I particularly like the combination of the new HDR panorama features. The advanced masking is something I rarely use.

Why did they not put a filter bar for the folder tree just like the new filter bar for collections?

What I'm still hoping for is a feature to let visitors of the website generated by Lightroom to return ratings/views to the catalogue as well as tagging people in public event photos.


----------



## Diko (Apr 21, 2015)

Awesome! Finally. Currently fighting Redistributable Package missing issue (again) :-(


EDIT: installed and working. Very nice!


----------



## emko (Apr 21, 2015)

ok used the face scanning feature it does not add a keyword of the name of the person so how do i filter my catalog with someones name?


----------



## Birding (Apr 21, 2015)

GPU support confirmed!

https://helpx.adobe.com/lightroom/kb/lightroom-gpu-faq.html

It seems like it only accelerates the develop module, and only in the main window.
Only uses one of the graphics cards (if you have two), and requires at least mavericks 10.9 (if you are OS X)

we'll see if this speeds things up a bit...


----------



## emko (Apr 21, 2015)

image loading performance sucks compared to 5.7, zoom in wait 2-5 seconds for it to load zoom out another wait for the loading compared to 5.7 where the image would load once and would zoom in and out instant.


----------



## RLPhoto (Apr 21, 2015)

Cool.
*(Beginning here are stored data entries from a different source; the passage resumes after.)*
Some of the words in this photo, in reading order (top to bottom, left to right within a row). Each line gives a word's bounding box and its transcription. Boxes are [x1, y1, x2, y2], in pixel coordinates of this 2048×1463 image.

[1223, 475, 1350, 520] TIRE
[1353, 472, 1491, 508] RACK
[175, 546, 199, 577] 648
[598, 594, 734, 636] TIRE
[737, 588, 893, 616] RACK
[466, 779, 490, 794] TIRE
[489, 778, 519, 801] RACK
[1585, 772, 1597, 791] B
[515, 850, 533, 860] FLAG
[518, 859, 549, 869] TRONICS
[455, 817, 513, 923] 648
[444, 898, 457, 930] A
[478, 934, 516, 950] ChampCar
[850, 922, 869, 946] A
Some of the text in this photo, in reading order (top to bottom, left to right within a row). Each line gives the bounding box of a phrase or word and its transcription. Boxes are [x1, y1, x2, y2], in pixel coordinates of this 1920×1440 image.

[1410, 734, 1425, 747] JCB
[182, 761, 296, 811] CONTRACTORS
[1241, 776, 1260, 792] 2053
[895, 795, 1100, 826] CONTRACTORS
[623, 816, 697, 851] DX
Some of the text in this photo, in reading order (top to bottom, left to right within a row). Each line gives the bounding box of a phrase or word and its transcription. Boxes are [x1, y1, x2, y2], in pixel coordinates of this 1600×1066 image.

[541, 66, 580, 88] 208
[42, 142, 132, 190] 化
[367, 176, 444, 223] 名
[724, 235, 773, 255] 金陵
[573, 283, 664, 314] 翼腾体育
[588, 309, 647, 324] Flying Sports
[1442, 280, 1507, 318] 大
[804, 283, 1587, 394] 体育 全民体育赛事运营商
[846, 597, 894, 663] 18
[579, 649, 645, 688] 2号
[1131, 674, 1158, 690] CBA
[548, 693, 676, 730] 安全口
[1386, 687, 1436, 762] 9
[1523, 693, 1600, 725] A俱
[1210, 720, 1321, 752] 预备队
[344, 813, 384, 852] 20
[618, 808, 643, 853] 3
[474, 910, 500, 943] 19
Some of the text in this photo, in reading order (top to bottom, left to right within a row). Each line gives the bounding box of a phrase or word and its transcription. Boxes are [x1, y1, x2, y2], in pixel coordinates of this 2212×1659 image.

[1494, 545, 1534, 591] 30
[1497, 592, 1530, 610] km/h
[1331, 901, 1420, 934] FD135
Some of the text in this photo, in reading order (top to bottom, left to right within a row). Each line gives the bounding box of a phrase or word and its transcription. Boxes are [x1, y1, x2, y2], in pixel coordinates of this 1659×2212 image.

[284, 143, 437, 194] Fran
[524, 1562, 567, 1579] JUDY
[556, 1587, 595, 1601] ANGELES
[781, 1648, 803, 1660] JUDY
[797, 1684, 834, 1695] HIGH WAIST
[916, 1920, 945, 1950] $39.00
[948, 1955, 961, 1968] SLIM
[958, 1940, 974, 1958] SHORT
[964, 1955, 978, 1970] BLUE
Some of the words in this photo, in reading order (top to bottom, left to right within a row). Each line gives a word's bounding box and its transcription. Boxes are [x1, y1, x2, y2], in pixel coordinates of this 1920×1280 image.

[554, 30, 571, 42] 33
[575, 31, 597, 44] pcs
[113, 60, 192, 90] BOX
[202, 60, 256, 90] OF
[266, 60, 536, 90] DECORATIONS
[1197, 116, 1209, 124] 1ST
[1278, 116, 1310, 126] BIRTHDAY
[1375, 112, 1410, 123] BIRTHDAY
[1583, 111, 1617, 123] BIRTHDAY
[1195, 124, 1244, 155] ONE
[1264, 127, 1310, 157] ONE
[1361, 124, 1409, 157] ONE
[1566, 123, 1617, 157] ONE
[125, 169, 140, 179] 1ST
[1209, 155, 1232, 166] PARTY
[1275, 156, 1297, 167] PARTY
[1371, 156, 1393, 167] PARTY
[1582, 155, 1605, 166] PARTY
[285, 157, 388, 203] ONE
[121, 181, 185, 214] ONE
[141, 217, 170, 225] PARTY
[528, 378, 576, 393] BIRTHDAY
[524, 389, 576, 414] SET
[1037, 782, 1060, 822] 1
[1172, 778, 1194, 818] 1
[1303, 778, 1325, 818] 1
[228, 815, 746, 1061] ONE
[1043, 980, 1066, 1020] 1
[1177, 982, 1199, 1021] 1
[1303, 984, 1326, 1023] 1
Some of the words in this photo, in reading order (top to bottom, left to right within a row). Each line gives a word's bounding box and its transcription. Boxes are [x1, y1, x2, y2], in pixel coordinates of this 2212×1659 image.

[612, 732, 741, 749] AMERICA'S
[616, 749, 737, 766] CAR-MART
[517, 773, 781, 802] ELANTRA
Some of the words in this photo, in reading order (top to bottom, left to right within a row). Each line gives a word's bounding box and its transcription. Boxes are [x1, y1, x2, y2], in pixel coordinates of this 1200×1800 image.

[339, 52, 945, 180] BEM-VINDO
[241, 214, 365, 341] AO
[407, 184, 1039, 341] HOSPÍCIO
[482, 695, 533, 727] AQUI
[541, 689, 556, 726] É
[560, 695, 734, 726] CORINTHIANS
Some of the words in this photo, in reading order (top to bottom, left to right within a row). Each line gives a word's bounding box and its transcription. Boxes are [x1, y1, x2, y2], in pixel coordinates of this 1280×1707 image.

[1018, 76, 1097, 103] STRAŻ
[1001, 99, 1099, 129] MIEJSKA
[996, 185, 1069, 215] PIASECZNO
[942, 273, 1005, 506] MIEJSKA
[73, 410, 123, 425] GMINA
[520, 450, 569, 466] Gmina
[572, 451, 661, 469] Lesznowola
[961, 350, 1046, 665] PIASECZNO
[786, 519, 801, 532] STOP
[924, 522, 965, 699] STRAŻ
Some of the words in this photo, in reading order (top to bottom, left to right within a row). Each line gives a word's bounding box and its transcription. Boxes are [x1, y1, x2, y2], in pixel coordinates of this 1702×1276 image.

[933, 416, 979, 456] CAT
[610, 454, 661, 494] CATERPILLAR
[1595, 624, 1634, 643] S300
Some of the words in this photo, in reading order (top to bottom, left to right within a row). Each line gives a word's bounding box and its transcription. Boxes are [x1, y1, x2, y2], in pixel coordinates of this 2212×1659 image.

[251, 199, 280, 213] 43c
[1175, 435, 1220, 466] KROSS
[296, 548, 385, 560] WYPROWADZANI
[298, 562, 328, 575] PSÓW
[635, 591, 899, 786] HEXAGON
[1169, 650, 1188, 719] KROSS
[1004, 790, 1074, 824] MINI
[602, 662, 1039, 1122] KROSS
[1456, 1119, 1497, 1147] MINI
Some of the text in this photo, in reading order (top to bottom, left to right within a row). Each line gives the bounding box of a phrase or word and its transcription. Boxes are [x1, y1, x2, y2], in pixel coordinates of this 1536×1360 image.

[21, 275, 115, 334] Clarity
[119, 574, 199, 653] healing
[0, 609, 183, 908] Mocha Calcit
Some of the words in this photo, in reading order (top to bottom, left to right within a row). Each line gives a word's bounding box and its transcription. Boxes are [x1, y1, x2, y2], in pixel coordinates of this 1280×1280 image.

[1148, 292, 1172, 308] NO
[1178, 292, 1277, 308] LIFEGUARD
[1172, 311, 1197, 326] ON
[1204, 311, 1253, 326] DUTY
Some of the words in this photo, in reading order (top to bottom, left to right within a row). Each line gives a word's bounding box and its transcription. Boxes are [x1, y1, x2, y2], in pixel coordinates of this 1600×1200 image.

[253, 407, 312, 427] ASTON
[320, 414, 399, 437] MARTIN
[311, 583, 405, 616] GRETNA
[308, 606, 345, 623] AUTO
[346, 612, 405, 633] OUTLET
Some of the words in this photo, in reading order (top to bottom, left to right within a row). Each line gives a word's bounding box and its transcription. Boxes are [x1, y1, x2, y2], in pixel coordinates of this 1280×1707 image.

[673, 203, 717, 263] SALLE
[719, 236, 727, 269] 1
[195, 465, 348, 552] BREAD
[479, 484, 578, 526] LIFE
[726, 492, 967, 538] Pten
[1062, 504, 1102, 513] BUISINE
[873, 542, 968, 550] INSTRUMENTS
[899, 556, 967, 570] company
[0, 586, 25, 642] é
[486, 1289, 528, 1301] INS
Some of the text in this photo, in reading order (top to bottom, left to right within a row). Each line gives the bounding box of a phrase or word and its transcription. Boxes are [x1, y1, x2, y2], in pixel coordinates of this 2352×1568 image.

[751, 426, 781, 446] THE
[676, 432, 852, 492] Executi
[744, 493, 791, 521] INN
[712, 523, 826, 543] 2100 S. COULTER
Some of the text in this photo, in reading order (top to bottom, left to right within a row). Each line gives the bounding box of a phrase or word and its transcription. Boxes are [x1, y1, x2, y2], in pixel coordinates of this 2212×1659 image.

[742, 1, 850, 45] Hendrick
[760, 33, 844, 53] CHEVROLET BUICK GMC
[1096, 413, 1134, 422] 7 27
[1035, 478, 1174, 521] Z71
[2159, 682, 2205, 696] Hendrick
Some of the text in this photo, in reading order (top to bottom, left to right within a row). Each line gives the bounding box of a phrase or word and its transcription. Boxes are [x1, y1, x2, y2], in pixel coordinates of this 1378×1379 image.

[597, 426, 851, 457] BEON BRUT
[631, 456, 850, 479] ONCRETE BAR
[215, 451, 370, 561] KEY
Just ordered my LR6 copy and I'll love to test the CPU VS GPUS loading speeds. That is the biggest feature I'm looking forward to.


----------



## emko (Apr 22, 2015)

i guess i am not the only one with the poor performance on LR6 https://forums.adobe.com/thread/1823047


----------



## Omar H (Apr 22, 2015)

I have not spent much time on this, but, it doesn't seem I'll get upgraded to the new version, as I'm on the 9.99 monthly fee? I thought I was getting ALL upgrades, maybe I have not fiddled enough with it...


----------



## Birding (Apr 22, 2015)

RLPhoto said:


> Cool. Just ordered my LR6 copy and I'll love to test the CPU VS GPUS loading speeds. That is the biggest feature I'm looking forward to.



So far I'm quite disappointed, on a MacPro (4 core, D500s) OS X 10.10.3, both the sliders and adjustment brush feel more responsive with the GPU acceleration turned OFF. Hopefully, you have better luck with your setup... 

UPDATE: I'm seeing the above difference with an image that is already heavily adjusted, with a lot of adjustment brush use and masking. When editing a fresh CR2 file, the image update seems a bit faster with the GPU acceleration ON and the sliders and adjustment brush are fairly responsive...hmmm ???


----------



## Omar H (Apr 22, 2015)

Omar H said:


> I have not spent much time on this, but, it doesn't seem I'll get upgraded to the new version, as I'm on the 9.99 monthly fee? I thought I was getting ALL upgrades, maybe I have not fiddled enough with it...



Nope! I already upgraded... Sorry about the post...


----------



## Zv (Apr 22, 2015)

emko said:


> image loading performance sucks compared to 5.7, zoom in wait 2-5 seconds for it to load zoom out another wait for the loading compared to 5.7 where the image would load once and would zoom in and out instant.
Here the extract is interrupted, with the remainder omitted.